> _To do_
The lines to copy run from the one containing "this 1440×1280 image." to the very end of the records; give them exactly, and only them, without pictures.

Segment Start: Task input

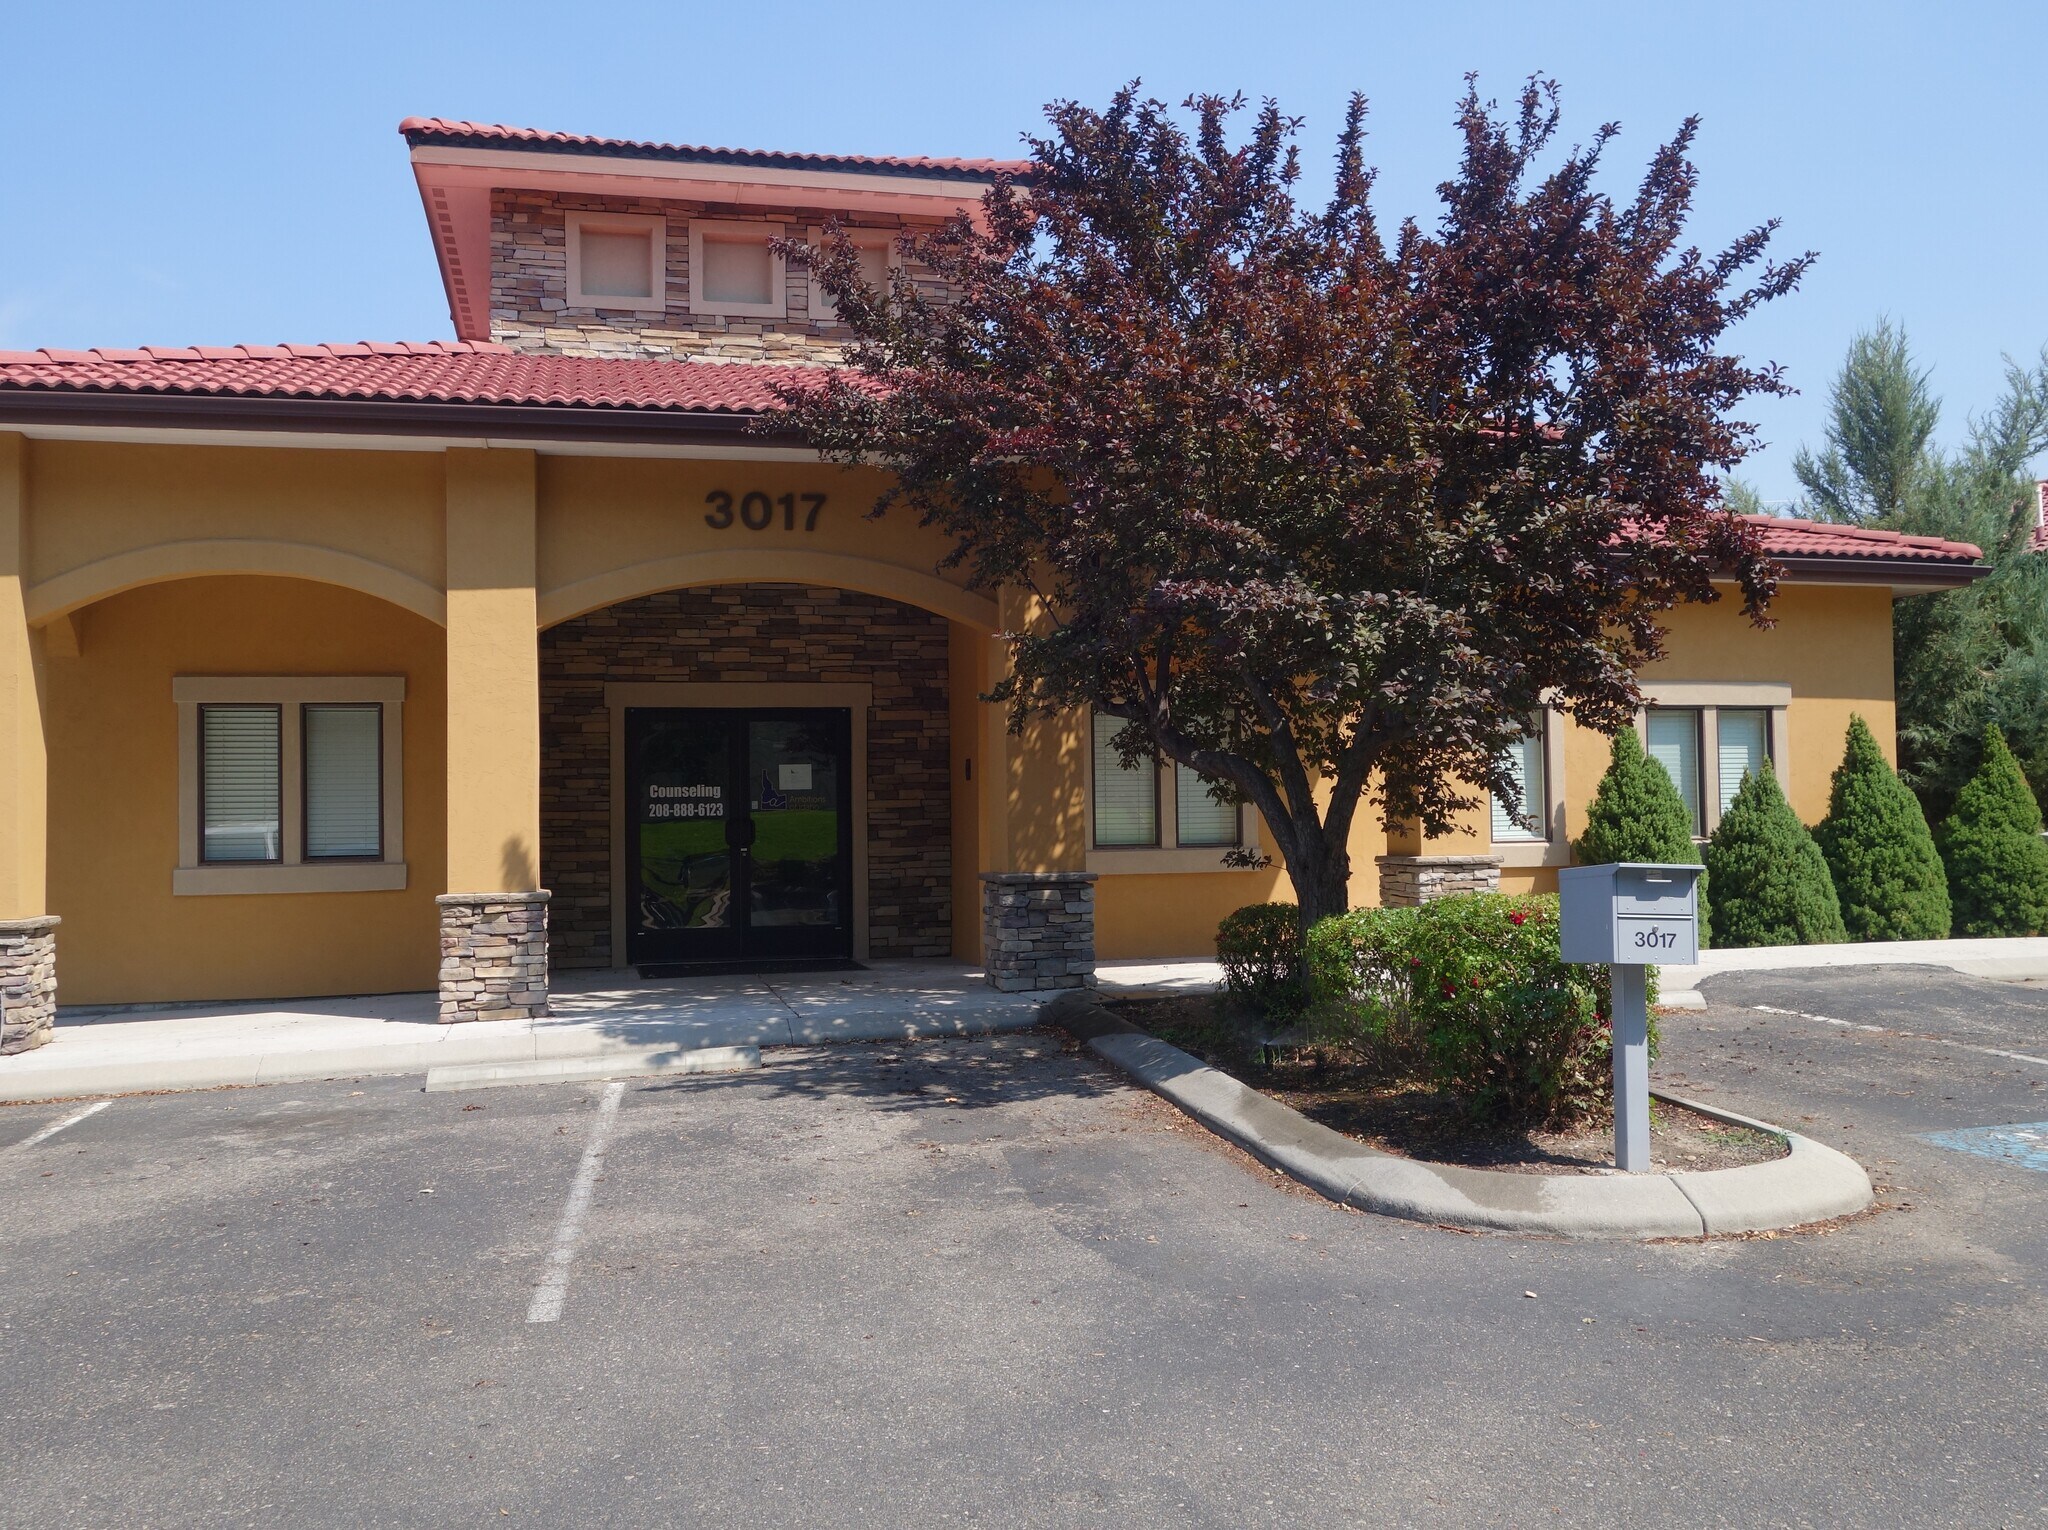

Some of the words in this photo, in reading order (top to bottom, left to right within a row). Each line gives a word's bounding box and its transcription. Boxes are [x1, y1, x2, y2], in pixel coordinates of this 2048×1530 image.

[704, 490, 828, 532] 3017
[649, 784, 721, 799] Counseling
[648, 803, 724, 817] 208-888-6123
[1634, 931, 1677, 948] 3017
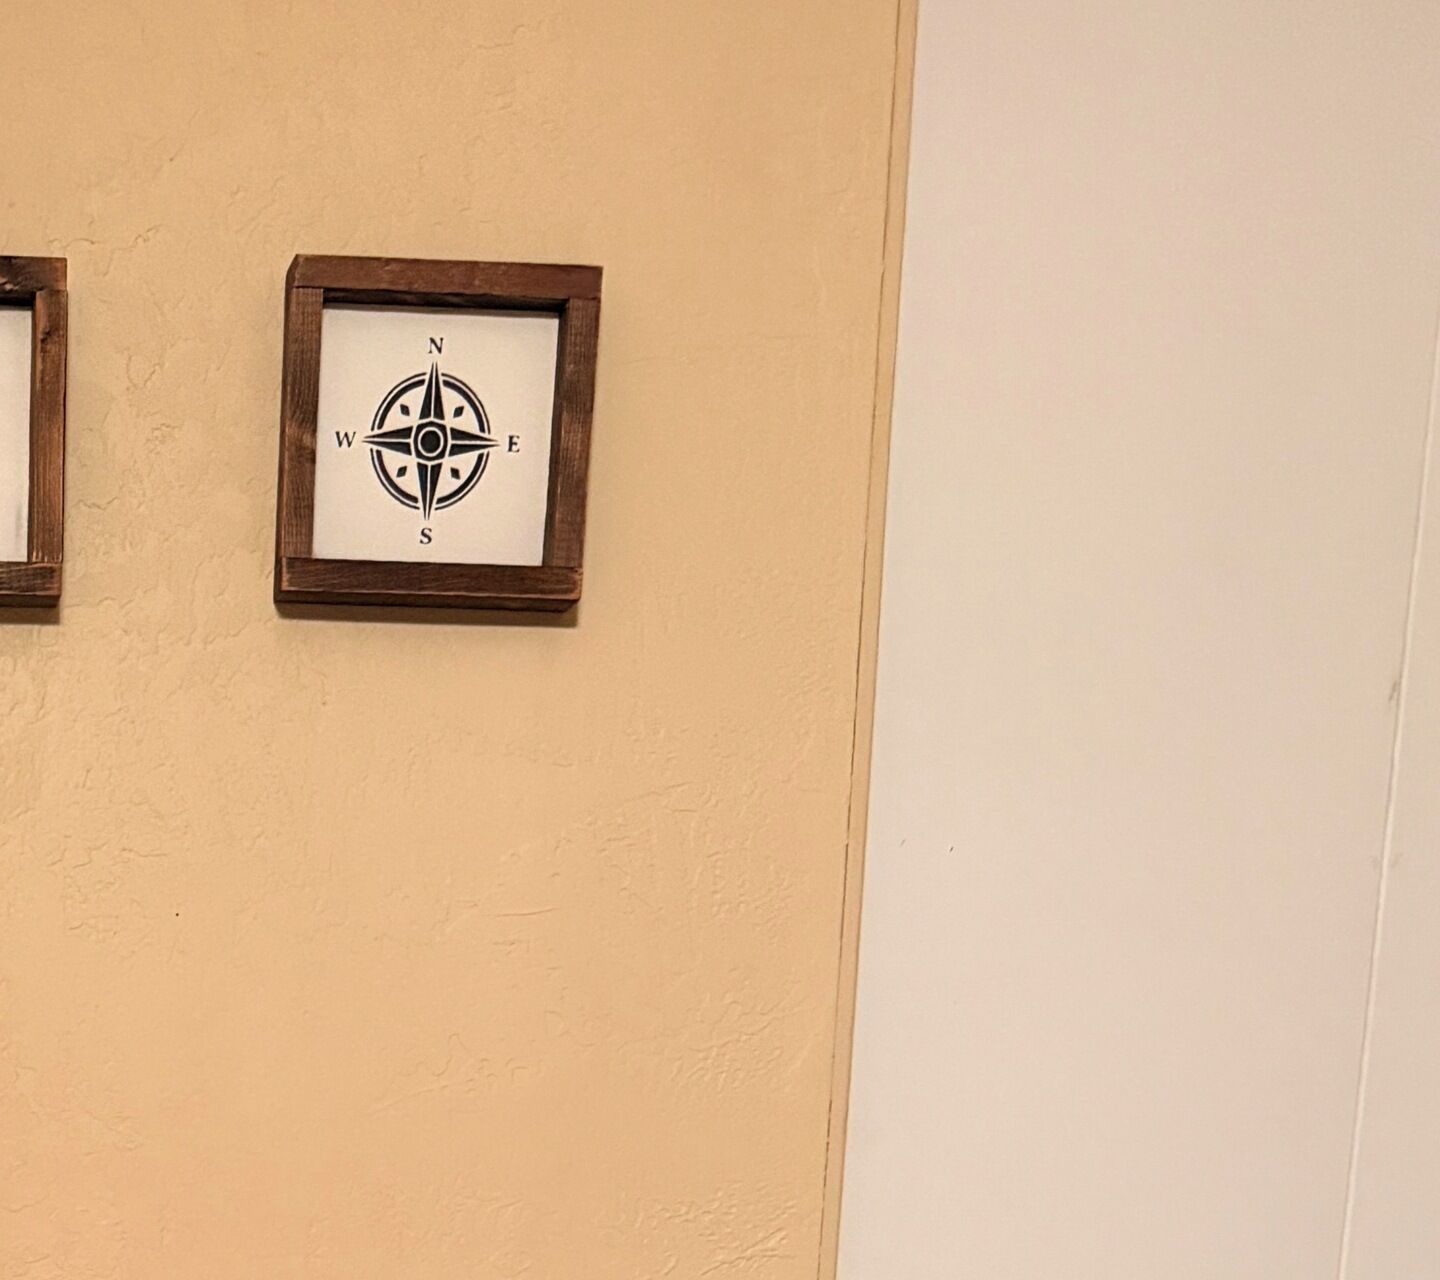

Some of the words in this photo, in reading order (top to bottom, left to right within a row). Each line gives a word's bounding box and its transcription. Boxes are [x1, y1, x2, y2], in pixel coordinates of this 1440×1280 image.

[428, 337, 444, 354] N
[335, 431, 356, 448] W
[507, 435, 520, 453] E
[419, 528, 433, 544] S
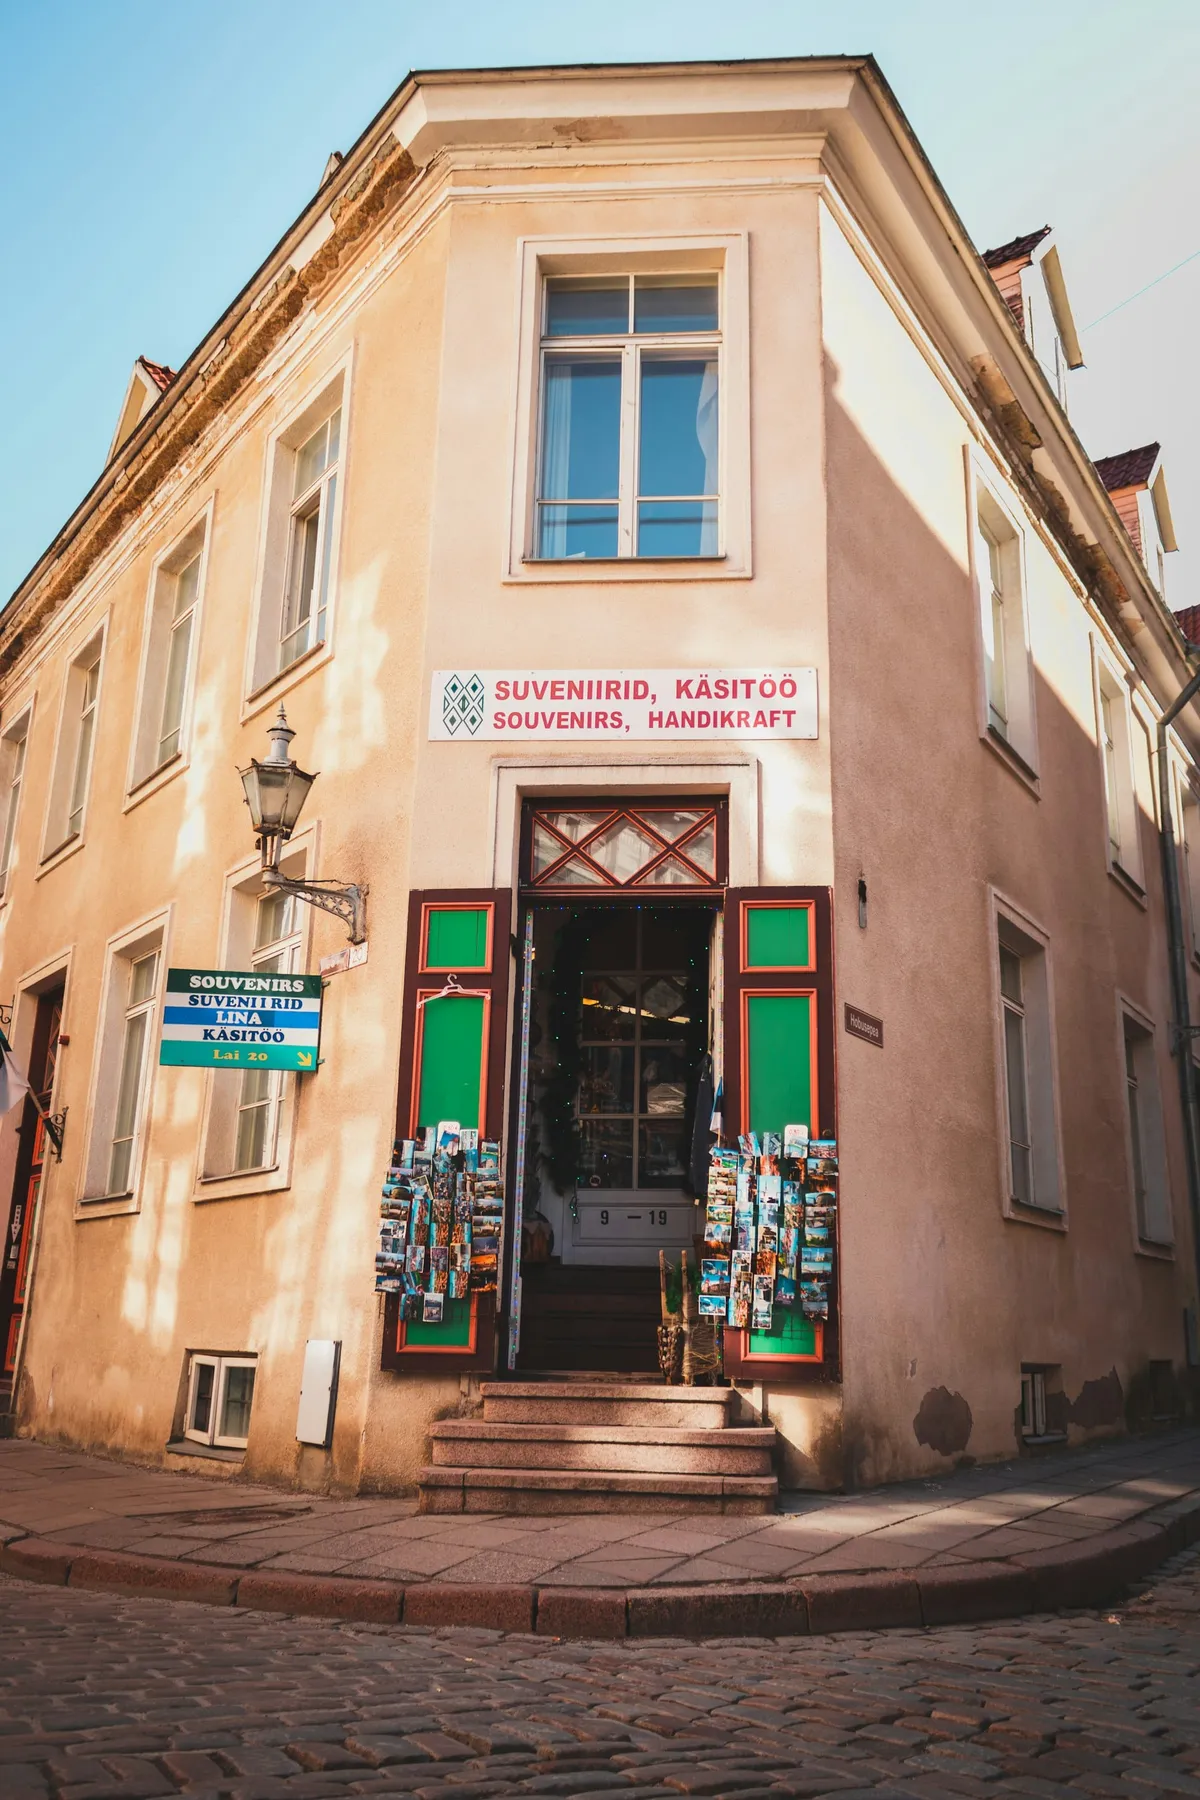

Segment End: Task input

> _Solution for this problem_
Some of the words in this photo, in reading order (top to bottom, left to right within a row). Each line gives a word's bounding box and its transcription. Boxes are [x1, y1, x2, y2], in pixel coordinates of this 1440×1280 image.

[428, 337, 444, 354] N
[335, 431, 356, 448] W
[507, 435, 520, 453] E
[419, 528, 433, 544] S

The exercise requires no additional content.